On the client side, the bank is largely comfortable as 85 per cent of retail customers work with companies rated and above , where job losses have been low
As large corporates are deleveraging and growth in the segment expected to be measured, the country’s largest private sector lender, HDFC Bank, is looking to leverage its distribution in non-urban markets and digital strengths in expanding its SME banking platform.
Sashidhar Jagdishan, MD&CEO, HDFC Bank, in an analyst call organised by Jeffries, said SME will be the fastest-growing segment over the next 3-5 years.
“We have had about 20 years of good track record in the SME space. We are probably the second largest MSME banker in the country, after SBI. But, even though we may pride ourselves in having had a fantastic book, we believe that with the kind of distribution we have, the digital offerings we have for the MSMEs, there is a great opportunity for us to expand further”, he said.
Jagdishan also said that as far as big corporates are concerned, the debt-to-EBIDTA ratios have been coming down, which is extremely important from a confidence perspective both, at the rating agency level and from a credit perspective. “With economic activity going up, we will see the good corporates in the right sector growing, but the pace of growth will be measured,” he said.
Commenting on the impact of the second wave, Jagdishan said, “Going by what we are seeing at the ground level, I think it’s slowly starting to pick up from the complete paralysis that we saw over the last 30 days.”
“From a near-term perspective, I don’t see any great shakes in terms of performance in the quarter. We are not too worried even if it’s a very tepid quarter. What I can see is the resilience, the buoyancy when things normalise,” he added.
On the client side, the bank is largely comfortable as 85 per cent of retail customers work with companies rated and above , where job losses have been low. SMEs were better prepared than in past, and larger corporations have better liquidity in their balance sheet.
“In terms of consumption, which will be a key indicator of economic activity, I see the upper-middle-class segment bouncing back and creating a surge in spending and driving consumption. But the middle and the lower-middle-class segment will be reasonably stable. They would want to recoup their savings.

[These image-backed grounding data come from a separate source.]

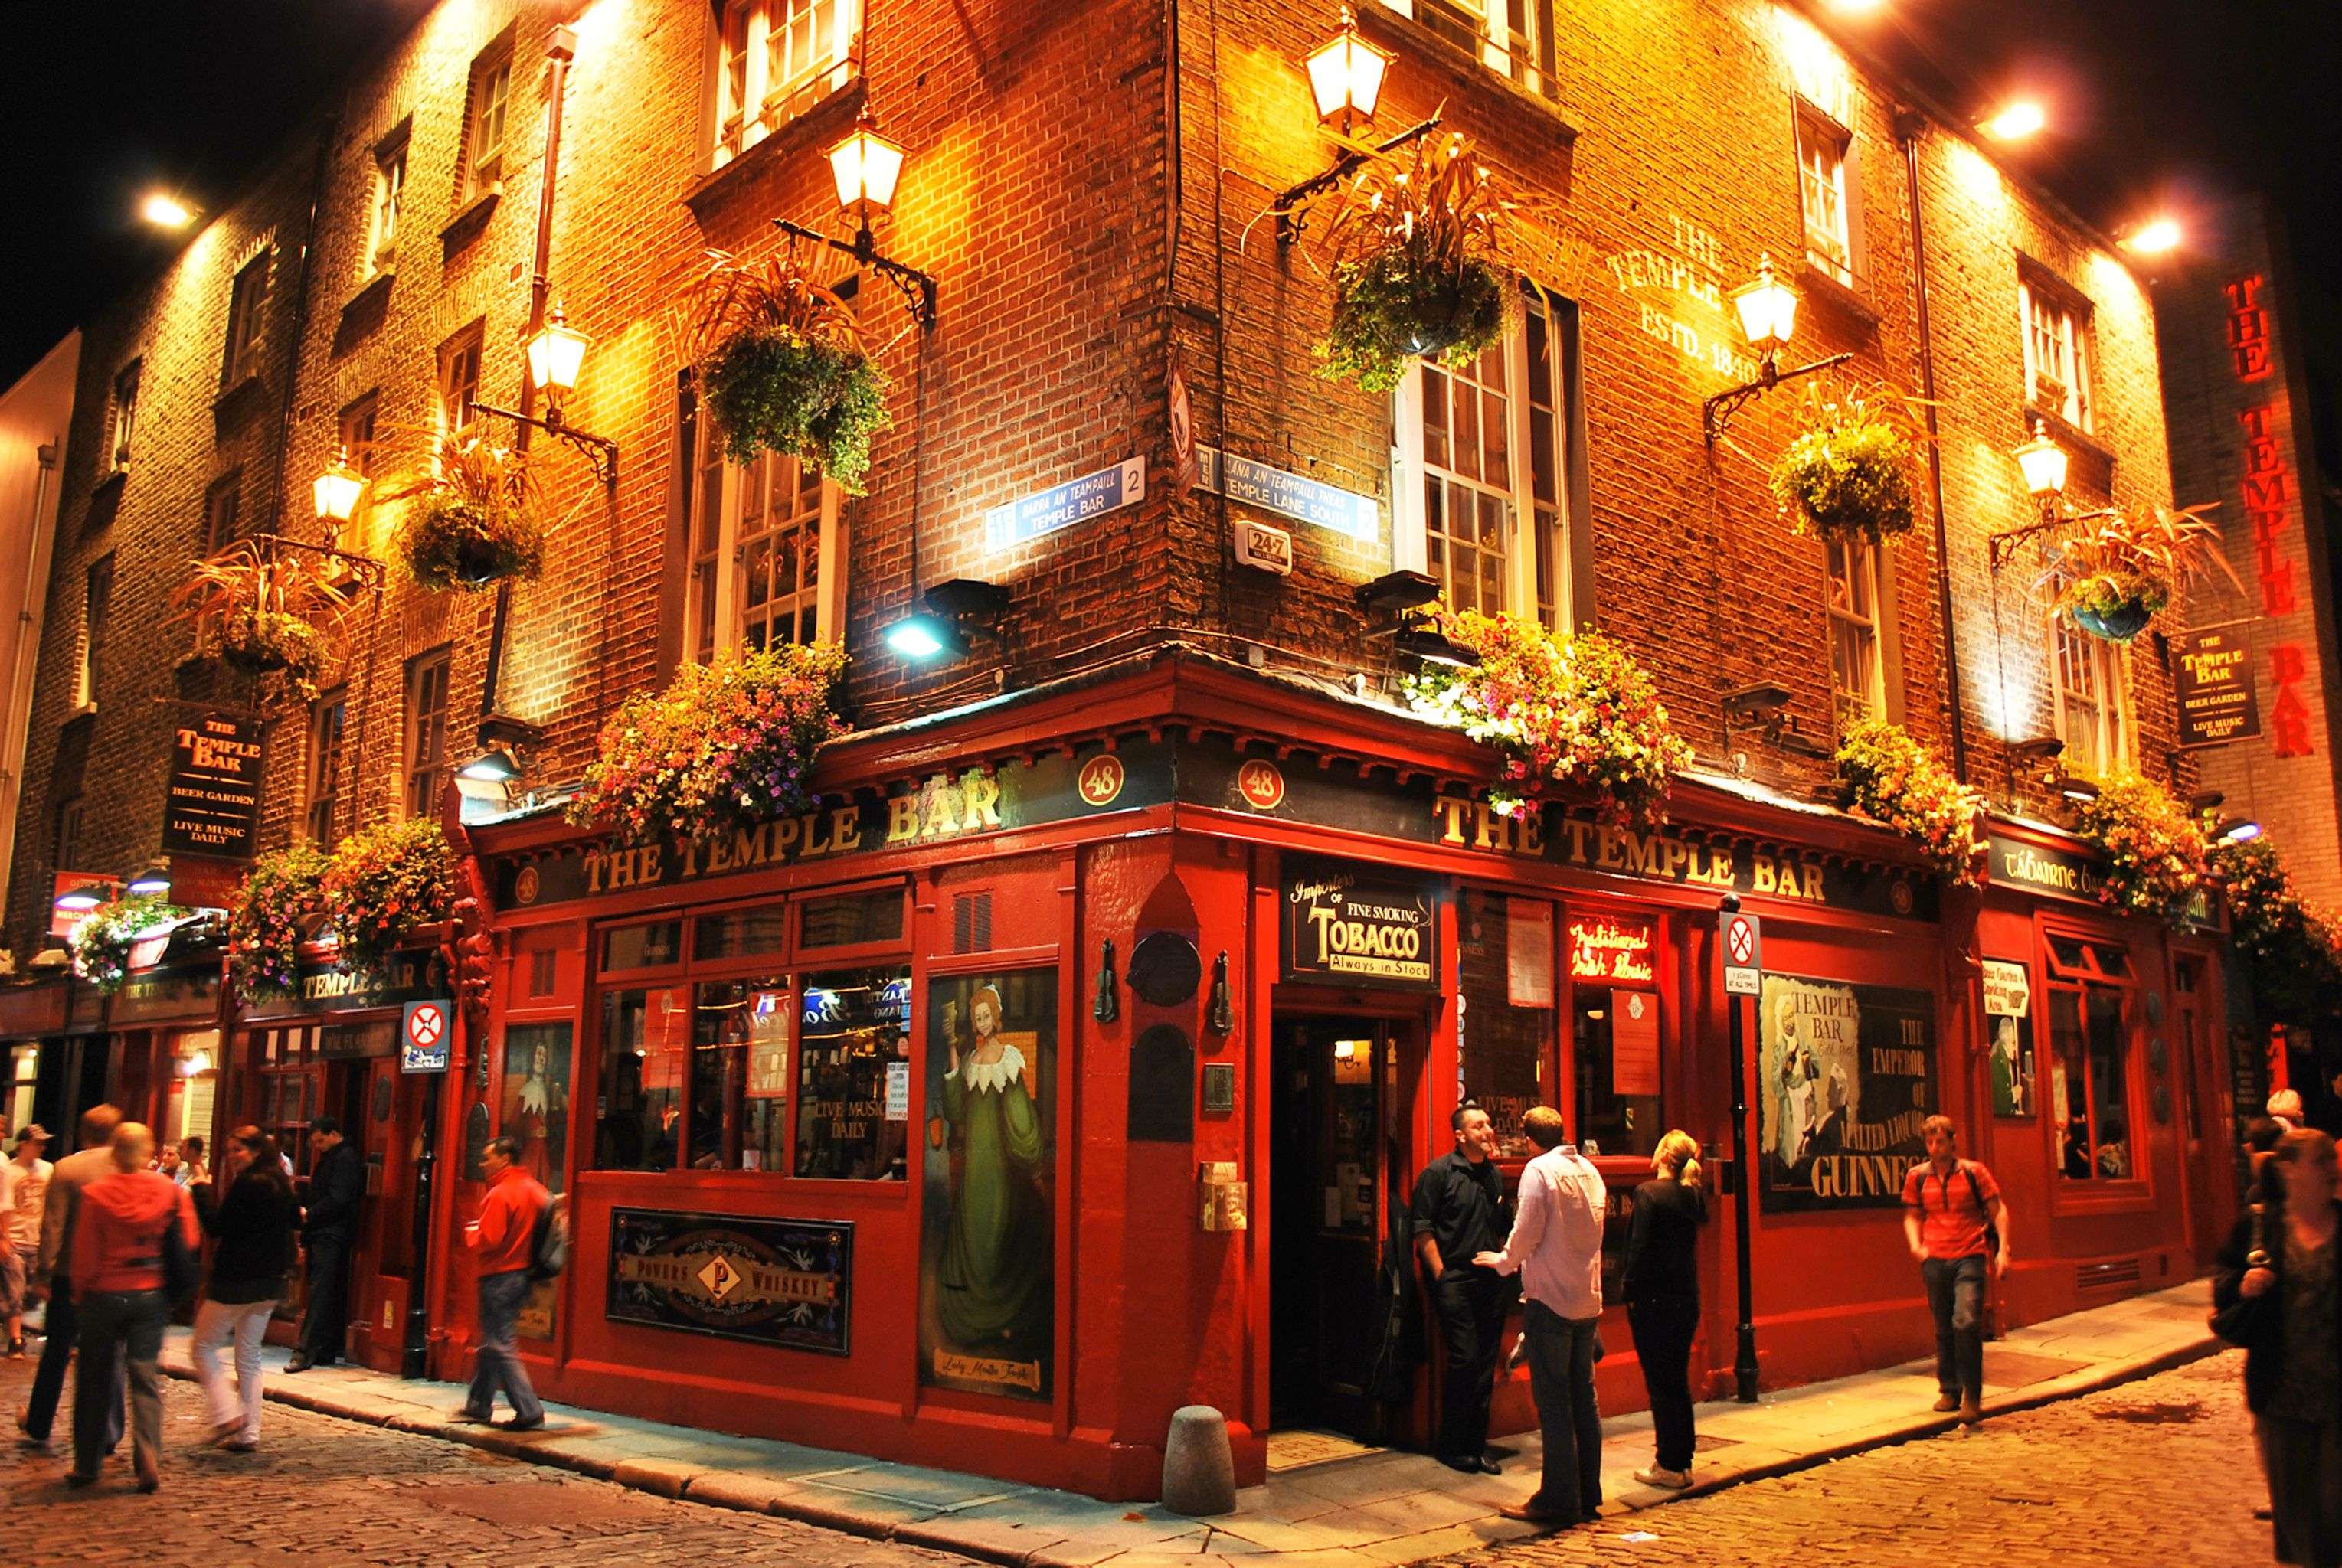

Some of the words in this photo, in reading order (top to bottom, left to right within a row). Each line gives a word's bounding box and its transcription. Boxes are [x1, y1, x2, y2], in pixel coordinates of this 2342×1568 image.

[1669, 211, 1723, 273] THE
[1605, 250, 1722, 311] TEMPLE
[2225, 274, 2272, 380] THE
[1053, 492, 1068, 507] AN
[1070, 472, 1115, 501] TEAMPAILL
[1128, 469, 1140, 492] 2
[1253, 468, 1268, 484] AN
[1271, 475, 1316, 500] TEAMPAILL
[1030, 505, 1075, 531] TEMPLE
[1080, 495, 1104, 514] BAR
[1225, 477, 1269, 503] TEMPLE
[1274, 492, 1305, 515] LANE
[1310, 505, 1350, 528] SOUTH
[2237, 406, 2296, 617] TEMPLE
[2199, 636, 2221, 648] THE
[2181, 650, 2244, 671] TEMPLE
[2196, 668, 2231, 684] BAR
[2185, 697, 2209, 709] BEER
[2210, 692, 2246, 705] GARDEN
[2268, 645, 2314, 759] BAR
[206, 720, 237, 736] THE
[2193, 720, 2213, 732] LIVE
[2215, 717, 2244, 729] MUSIC
[2206, 727, 2232, 737] DAILY
[177, 728, 261, 759] TEMPLE
[191, 748, 242, 772] BAR
[1085, 766, 1115, 797] 48
[1246, 767, 1274, 798] 48
[172, 786, 204, 800] BEER
[206, 792, 255, 805] GARDEN
[174, 820, 203, 832] LIVE
[206, 825, 246, 838] MUSIC
[191, 832, 228, 844] DAILY
[583, 844, 662, 893] THE
[682, 806, 863, 877] TEMPLE
[886, 778, 1001, 842] BAR
[1434, 796, 1545, 857] THE
[1563, 818, 1737, 887] TEMPLE
[1752, 854, 1827, 903] BAR
[1290, 874, 1354, 906] Importers
[1330, 893, 1343, 903] OF
[1347, 902, 1371, 918] FINE
[1372, 906, 1419, 923] SMOKING
[1307, 906, 1420, 963] TOBACCO
[1569, 924, 1648, 950] Traditional
[1332, 956, 1375, 972] Always
[1381, 961, 1391, 972] in
[1395, 962, 1429, 976] Stock
[1571, 949, 1607, 976] Irish
[1611, 953, 1652, 981] Music
[303, 971, 370, 999] TEMPLE
[1792, 991, 1856, 1019] TEMPLE
[1813, 1018, 1843, 1042] BAR
[1900, 1019, 1924, 1045] THE
[1873, 1048, 1925, 1076] EMPEROR
[1477, 1096, 1506, 1112] LIVE
[1912, 1082, 1925, 1107] OF
[816, 1102, 842, 1117] LIVE
[830, 1122, 867, 1139] DAILY
[1840, 1120, 1886, 1151] MALTED
[1811, 1155, 1924, 1197] GUINNE
[752, 1269, 819, 1296] WHISKEY

So, consumption on a mass basis will take some time,” Jagdishan said.
On the technology issues the bank has faced for which it was pulled up by the regulator, the management highlighted that it continues to work with the Reserve Bank of India (RBI) to resolve the issue and at the same time build more robust platforms.
“While tech-outages are a normal business risk for any bank/ financial company, bank could have built a system to ensure faster recovery here”, Jagdishan said.